(Collection entries)
--- --- ---

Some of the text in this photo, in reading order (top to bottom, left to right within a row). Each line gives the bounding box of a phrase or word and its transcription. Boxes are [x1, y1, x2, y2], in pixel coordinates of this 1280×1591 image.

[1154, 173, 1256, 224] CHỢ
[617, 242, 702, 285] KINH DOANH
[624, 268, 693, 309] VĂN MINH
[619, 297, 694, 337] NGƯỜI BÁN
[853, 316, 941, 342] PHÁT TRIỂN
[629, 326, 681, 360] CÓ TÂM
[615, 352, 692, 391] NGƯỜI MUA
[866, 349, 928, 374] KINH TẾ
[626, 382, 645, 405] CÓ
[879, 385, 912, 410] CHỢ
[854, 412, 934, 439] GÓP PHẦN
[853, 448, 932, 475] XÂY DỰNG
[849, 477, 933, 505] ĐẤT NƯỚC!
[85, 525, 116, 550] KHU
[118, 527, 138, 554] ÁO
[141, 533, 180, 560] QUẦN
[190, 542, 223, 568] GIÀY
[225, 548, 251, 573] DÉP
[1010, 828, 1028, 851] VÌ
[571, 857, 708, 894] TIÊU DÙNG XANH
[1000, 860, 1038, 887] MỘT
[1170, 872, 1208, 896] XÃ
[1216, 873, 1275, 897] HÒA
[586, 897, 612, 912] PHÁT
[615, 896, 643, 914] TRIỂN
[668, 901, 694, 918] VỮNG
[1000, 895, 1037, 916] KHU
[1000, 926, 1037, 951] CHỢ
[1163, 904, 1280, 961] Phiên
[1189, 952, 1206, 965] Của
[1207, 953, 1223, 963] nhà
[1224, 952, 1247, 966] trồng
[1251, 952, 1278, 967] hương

--- --- ---

**Exercise details**
A faithful retyping of every entry above is the task.

**Solution to this task**
Some of the text in this photo, in reading order (top to bottom, left to right within a row). Each line gives the bounding box of a phrase or word and its transcription. Boxes are [x1, y1, x2, y2], in pixel coordinates of this 1280×1591 image.

[1154, 173, 1256, 224] CHỢ
[617, 242, 702, 285] KINH DOANH
[624, 268, 693, 309] VĂN MINH
[619, 297, 694, 337] NGƯỜI BÁN
[853, 316, 941, 342] PHÁT TRIỂN
[629, 326, 681, 360] CÓ TÂM
[615, 352, 692, 391] NGƯỜI MUA
[866, 349, 928, 374] KINH TẾ
[626, 382, 645, 405] CÓ
[879, 385, 912, 410] CHỢ
[854, 412, 934, 439] GÓP PHẦN
[853, 448, 932, 475] XÂY DỰNG
[849, 477, 933, 505] ĐẤT NƯỚC!
[85, 525, 116, 550] KHU
[118, 527, 138, 554] ÁO
[141, 533, 180, 560] QUẦN
[190, 542, 223, 568] GIÀY
[225, 548, 251, 573] DÉP
[1010, 828, 1028, 851] VÌ
[571, 857, 708, 894] TIÊU DÙNG XANH
[1000, 860, 1038, 887] MỘT
[1170, 872, 1208, 896] XÃ
[1216, 873, 1275, 897] HÒA
[586, 897, 612, 912] PHÁT
[615, 896, 643, 914] TRIỂN
[668, 901, 694, 918] VỮNG
[1000, 895, 1037, 916] KHU
[1000, 926, 1037, 951] CHỢ
[1163, 904, 1280, 961] Phiên
[1189, 952, 1206, 965] Của
[1207, 953, 1223, 963] nhà
[1224, 952, 1247, 966] trồng
[1251, 952, 1278, 967] hương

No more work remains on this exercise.